For instance, OpenAI, a private AI research company, just announced its newest ChatGPT feature that can speak and respond to images. This means users could take a picture of the food in their fridge and ask the platform to create a meal plan based on the ingredients on hand.
"AI can be both good and bad," Murphy said. "From a cybersecurity perspective, BECU is using AI to help us develop tools and techniques to protect our own systems. We find patterns and create defenses that are more predictive and proactive, rather than being reactive."
Murphy said many organizations use AI to teach their computers to detect when other computers are trying to penetrate their cybersecurity measures.
"Sometimes we just see feelers," Murphy said. "For example, the AI call you receive may ask you seemingly innocent questions, including just getting you to say, 'Hello, who is there?' to gather voice patterns that the scammer will use later to impersonate you. You can protect yourself by maintaining the skepticism you have when there is a sense of urgency or an offer that is too good to be true. Unsolicited phone calls from unknown sources should raise your concerns," Murphy said.

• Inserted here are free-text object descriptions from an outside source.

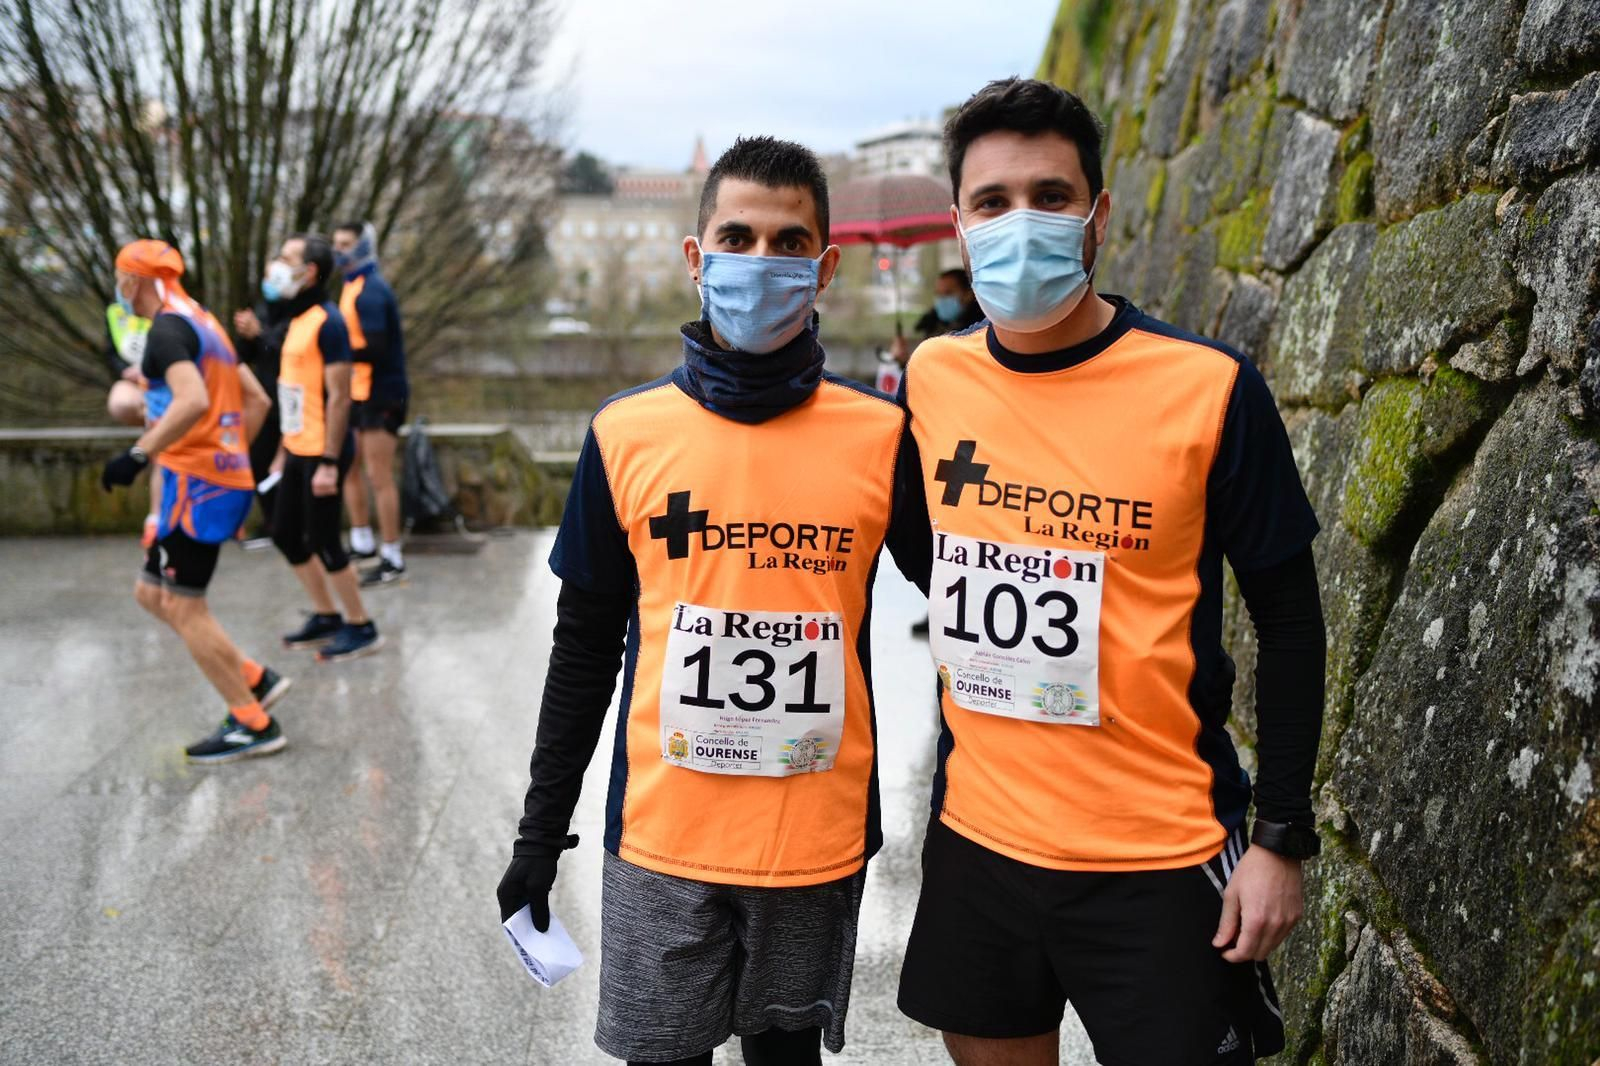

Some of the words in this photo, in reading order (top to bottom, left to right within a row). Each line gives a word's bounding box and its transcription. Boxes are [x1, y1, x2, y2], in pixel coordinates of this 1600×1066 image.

[978, 480, 1153, 530] DEPORTE
[702, 522, 854, 553] DEPORTE
[1024, 516, 1054, 537] La
[1061, 521, 1149, 550] Región
[748, 552, 778, 569] La
[936, 533, 968, 566] La
[976, 541, 1098, 584] Región
[673, 604, 713, 636] La
[721, 611, 841, 648] Región
[943, 575, 1080, 658] 103
[679, 645, 831, 713] 131
[956, 668, 990, 683] Concello
[992, 676, 1003, 685] de
[956, 680, 1012, 701] OURENSE
[695, 734, 735, 746] Concello
[737, 738, 749, 747] de
[695, 746, 758, 761] OURENSE
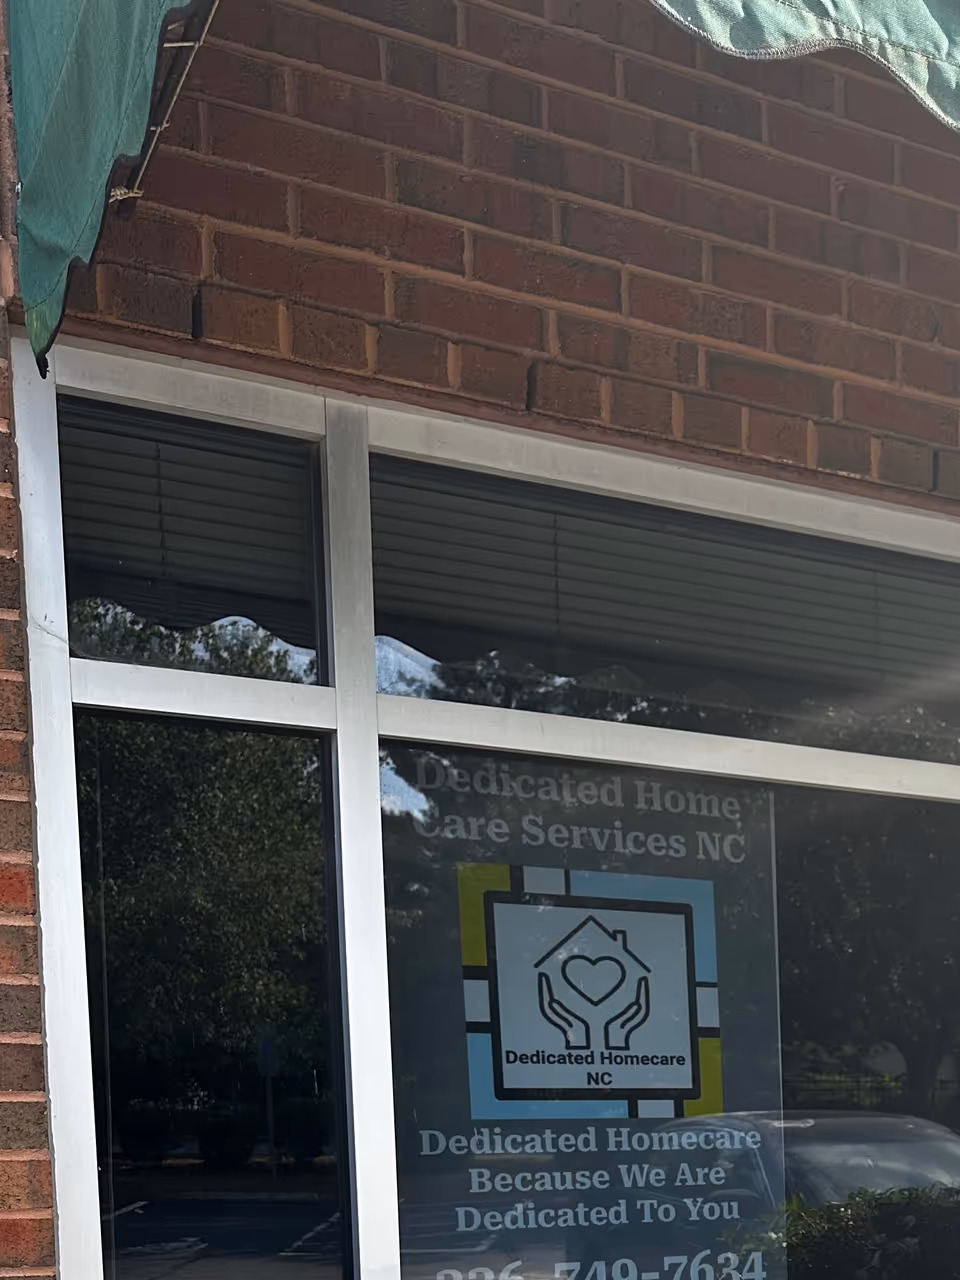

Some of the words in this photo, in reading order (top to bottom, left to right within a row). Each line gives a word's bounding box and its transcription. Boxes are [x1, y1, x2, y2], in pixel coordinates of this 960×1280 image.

"Limit the information you are willing to share," he said. "If they are claiming to be from BECU, hang up and contact us directly to be sure."
6 Tips To Protect Yourself From Scams
Follow these tips to protect your personal data and your finances:
1. Protect your information.
Unless you are certain you are talking with a trusted source, be skeptical about requests that require your information. Never give passwords, authentication codes or personal information to a caller, even if they sound familiar. It could be a voice recording trying to capture your voice pattern.
2. Be aware of urgent requests.
Don't click on links or reply to requests for money transfers.
3. Avoid unverified offers for prizes.
Assume that if a prize or deal is too good to be true, it probably is.
4. Take a pause.
Pause when confronted with any deal or notice of a discontinued service that requires urgent action. Most reputable companies will give plenty of time to communicate a special offer or discount, and they won't ask you to log in and provide your account number.
5. Contact a trusted source.
Hang up and call the company back using the phone number you know is theirs. Look up the number on the company's website or in your own contacts. Don't call back the number that just called you or use a number in an email or text message you received from the caller.
6. Report fraud.
If you suspect fraud, the FTC wants you to report it. Learn how to help fight fraud on their website.
Basic Scams Still Rule
As interesting and scary as AI driven scams are, Murphy said most people are more likely to encounter basic attempts at fraud and theft, like password phishing emails, text messages and spoofed websites, where scammers are trying to convince users to give up their login information.
"I hope people don't worry so much about highly technical, sensational attacks that they look past basic attacks that are far more common," Murphy said.
If people want to protect themselves most effectively, Murphy advises learning and practicing the basics of online security.
"A healthy dose of skepticism is good," he said. "Just take an extra second to look for red flags."